Como detalla en una amplia información «El Digital de Castilla-La Mancha», «cuando en 2019 Madrid Air City Sur presentó su proyecto para pedir la declaración de Interés General, el ministerio encargó unos estudios a la empresa pública INECO con el fin de establecer las necesidades del sistema aeroportuario de la zona centro del país y así poder validar las infraestructuras que se requerirían para el horizonte 2020-2050».

Después, como nadie puede olvidar, llegó la pandemia.

Aprovechar el auge logístico de La Sagra

Aun así, Ruedas sostiene en esa información que han detectado que «las compañías demandan una infraestructura más eficiente y más práctica» que Barajas.

El nicho del transporte de mercancías es la otra pata del proyecto, un segmento de actividad que también justificaba hace lustros la inversión realizada, y sepultada, en el fallido aeropuerto de Ciudad Real.

Ciertamente, La Sagra toledana se ha unido en fechas recientes a la pujanza logística del Corredor del Henares, lo que llevaría a dar alguna credibilidad a la iniciativa de Air City Madrid Sur.

Sin embargo, la todopoderosa AENA, la empresa pública que controla la gestión de todos los aeropuertos españoles, tiene mucho que decir al respecto: ya ha puesto en marcha su megaproyecto para ampliar la T-4, agrupar las otras terminales madrileñas en una sola y, sobre todo, crear una zona de expansión logística a escasa distancia de las pistas de Barajas.

Airport City, lo próximo a tiro de piedra de Guadalajara

Como ya informó en su día LA CRÓNICA, el 28 de septiembre de 2021 fue un día potencialmente importante para buena parte de la provincia de Guadalajara. PP, Ciudadanos y PSOE coincidieron aquel martes en el Ayuntamiento de Madrid en dar su apoyo a la ampliación del aeropuerto Madrid-Barajas, así como a instar al Gobierno de la Nación a que se apruebe «cuanto antes» la prometida inversión de 1.600 millones de euros. Esa unidad de la izquierda y la derecha clarificaba las cosas y ponía el semáforo en verde.

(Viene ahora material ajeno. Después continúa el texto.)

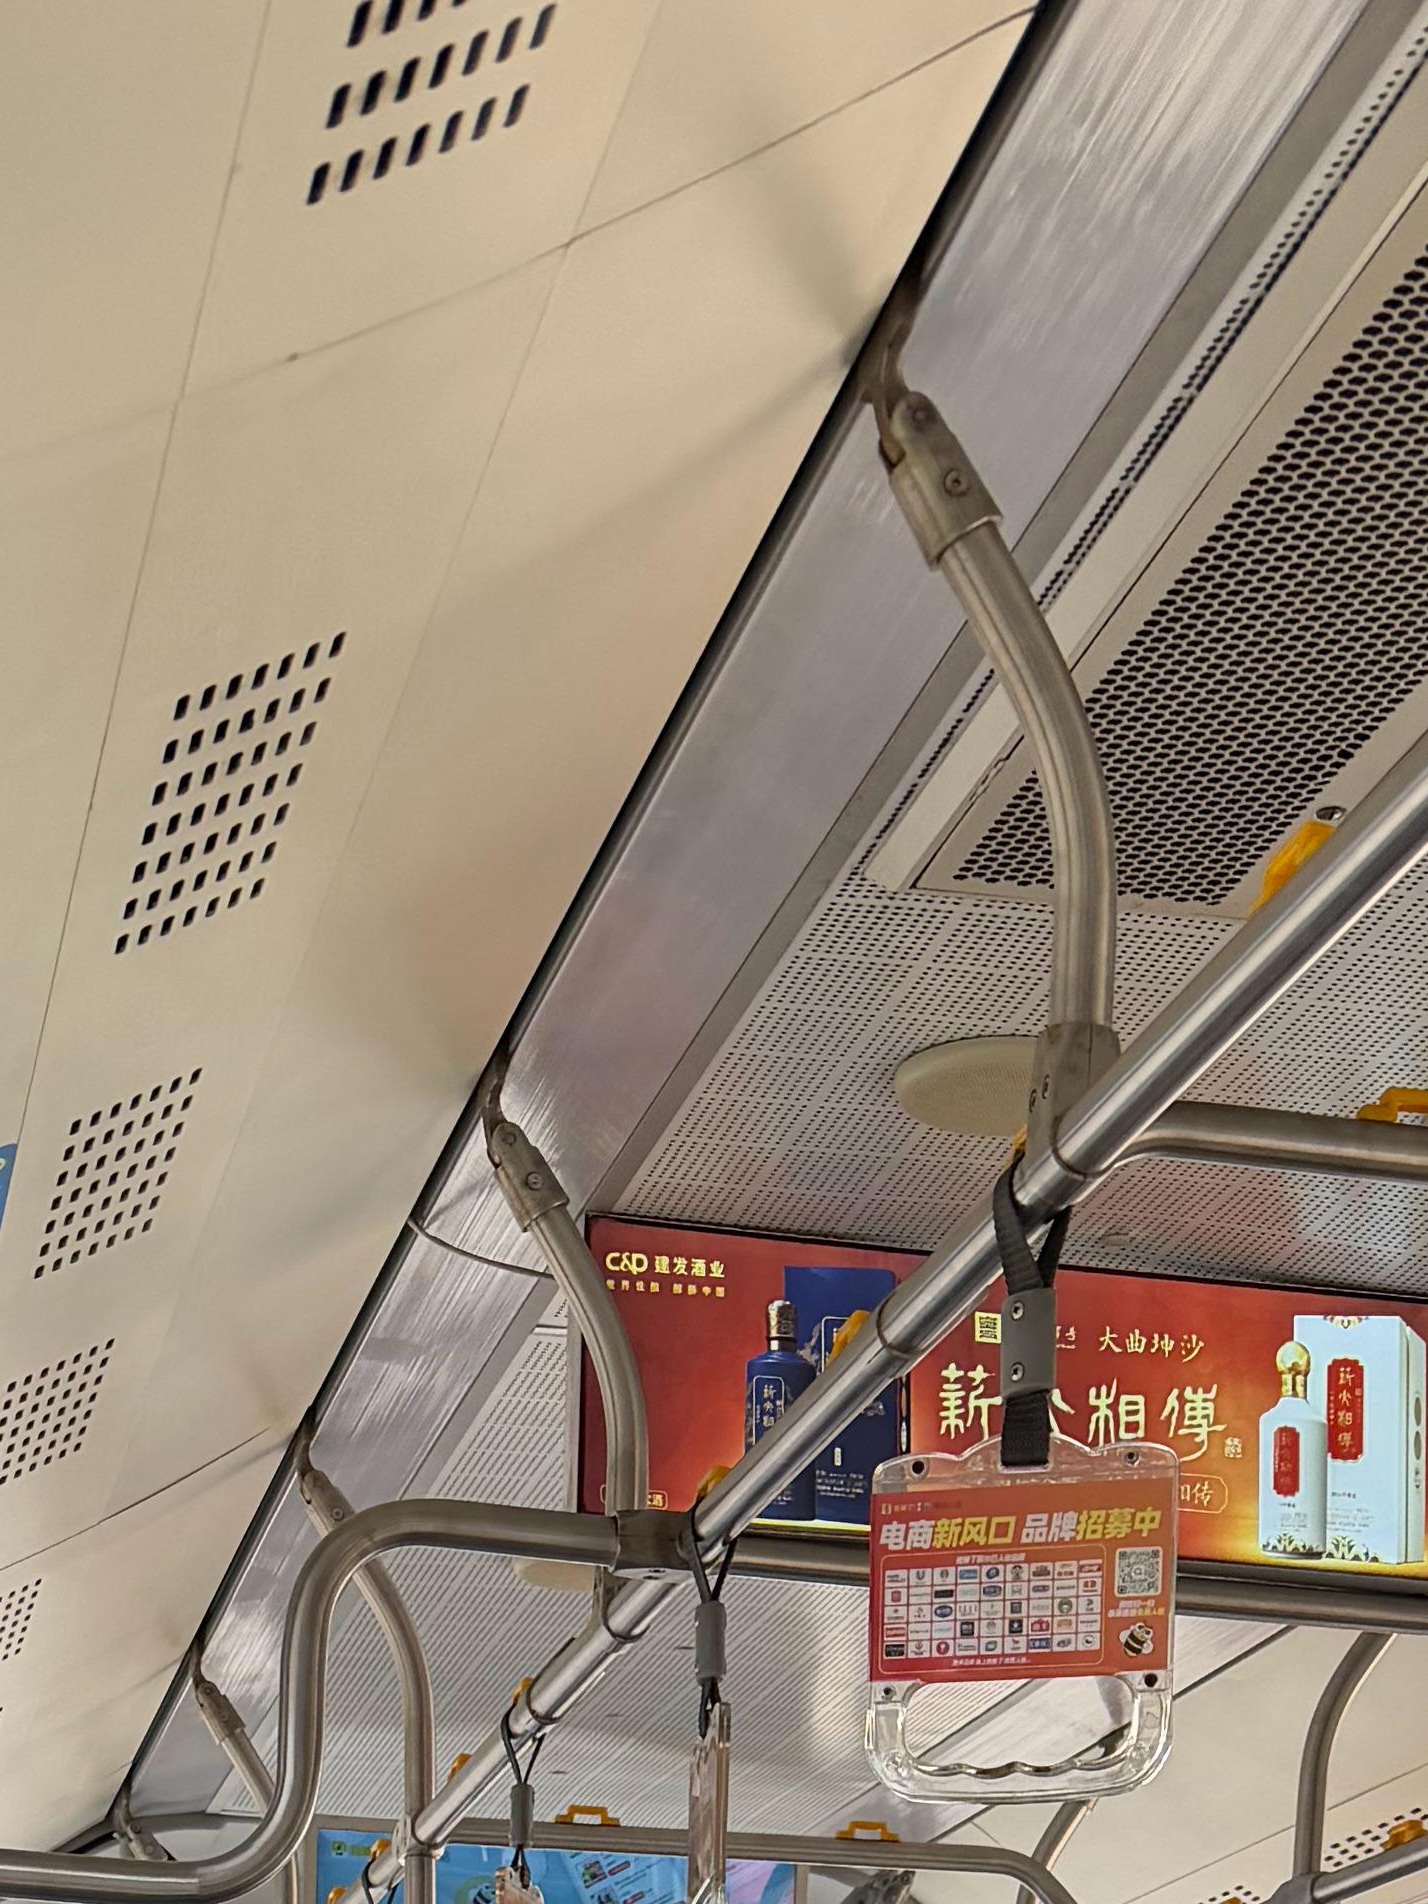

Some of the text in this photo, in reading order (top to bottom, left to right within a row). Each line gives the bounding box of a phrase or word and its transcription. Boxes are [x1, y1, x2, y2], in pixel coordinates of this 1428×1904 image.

[606, 1252, 648, 1275] C&D
[655, 1256, 725, 1278] 建发酒业
[879, 1506, 1163, 1550] 电商新风口 品牌招募中

El potencial de negocio es, sus exactos términos, transoceánico. Lo ratificaban horas después desde la organización empresarial de Logística y Transporte UNO, que valoraba «muy positivamente» la futura inversión. La patronal del sector considera que esta operación permitirá avanzar hacia el desarrollo de este aeropuerto como un nudo logístico de mercancías, que conecte los grandes mercados de Asia con Europa, Estados Unidos y Latinoamérica, pasando por la capital de España.

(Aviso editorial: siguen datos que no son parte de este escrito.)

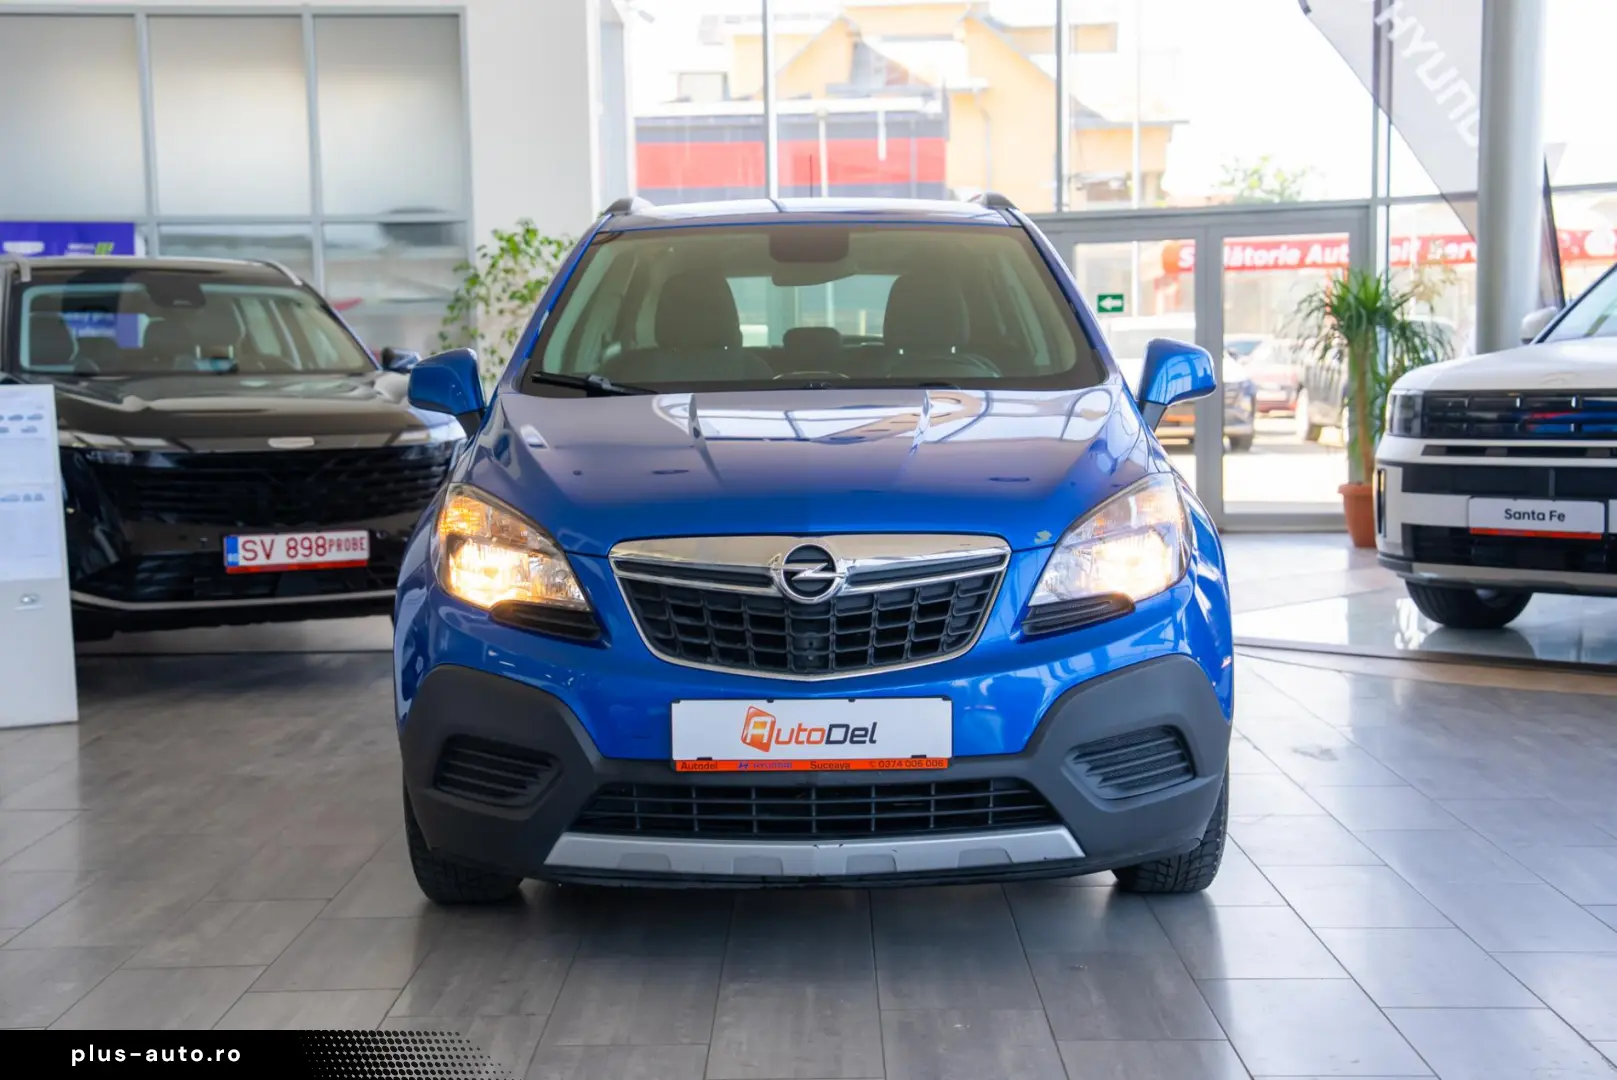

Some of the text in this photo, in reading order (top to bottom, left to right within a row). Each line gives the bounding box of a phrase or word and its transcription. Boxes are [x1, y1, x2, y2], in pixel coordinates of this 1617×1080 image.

[1177, 244, 1301, 268] Slătorie
[1304, 243, 1350, 265] Aut
[1504, 508, 1566, 522] Santa Fe
[241, 538, 275, 562] SV
[285, 536, 328, 559] 898
[328, 536, 367, 553] PROBE
[743, 709, 878, 750] AutoDel
[680, 761, 719, 771] Autodel
[810, 760, 851, 770] Suceava
[878, 759, 903, 769] 0374

«Permitirá convertir Barajas en una ‘Airport City’, pasando de ser un conjunto de terminales y pistas de despegue y aterrizaje, a convertirse en una auténtica ciudad aeroportuaria que genere importantes cifras de negocio indirectas e inducidas. Un ejemplo de esto lo encontramos en Munich, donde el 50% de los ingresos no tienen nada que ver con el negocio propiamente aeroportuario», explicaba el presidente de UNO, Francisco Aranda.

Pasillos de acceso a la T4, en el aeropuerto de Madrid-Barajas, en el verano de 2021. (Foto: La Crónic@)
Pasillos de acceso a la T4, en el aeropuerto de Madrid-Barajas, en el verano de 2021. (Foto: La Cró[email protected])

AENA tiene prisa

En realidad, la parte logística de todo este proyecto global es la que va más adelantada. El pasado verano, AENA empezaba ya a trabajar en el Área 1, dedicada precisamente a la actividad logística. Son 32 hectáreas, 28 de las cuales son edificables para servicios logísticos y 4 para zonas verdes, según explicó en su día Maurici Lucena, presidente del gestor aeroportuario. 

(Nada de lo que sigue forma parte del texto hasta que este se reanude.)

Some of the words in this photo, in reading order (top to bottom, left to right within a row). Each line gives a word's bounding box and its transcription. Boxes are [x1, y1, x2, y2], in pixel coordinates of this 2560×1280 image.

Esto es sólo el aperitivo. AENA tiene como objetivo levantar un polo logístico de 257 hectáreas, para arrendarlo y asegurarse de que las actividades aeronáuticas asociadas a la carga sean un puntal de su actividad, junto con el mantenimiento de aeronaves y la ya citada ‘Airport City’, para dar servicios al pasajero, con centros de negocio y hoteles, alrededor de la T4.

Todo esto supone intensa actividad en todos los casos a tiro de piedra de Guadalajara, a través de la R2.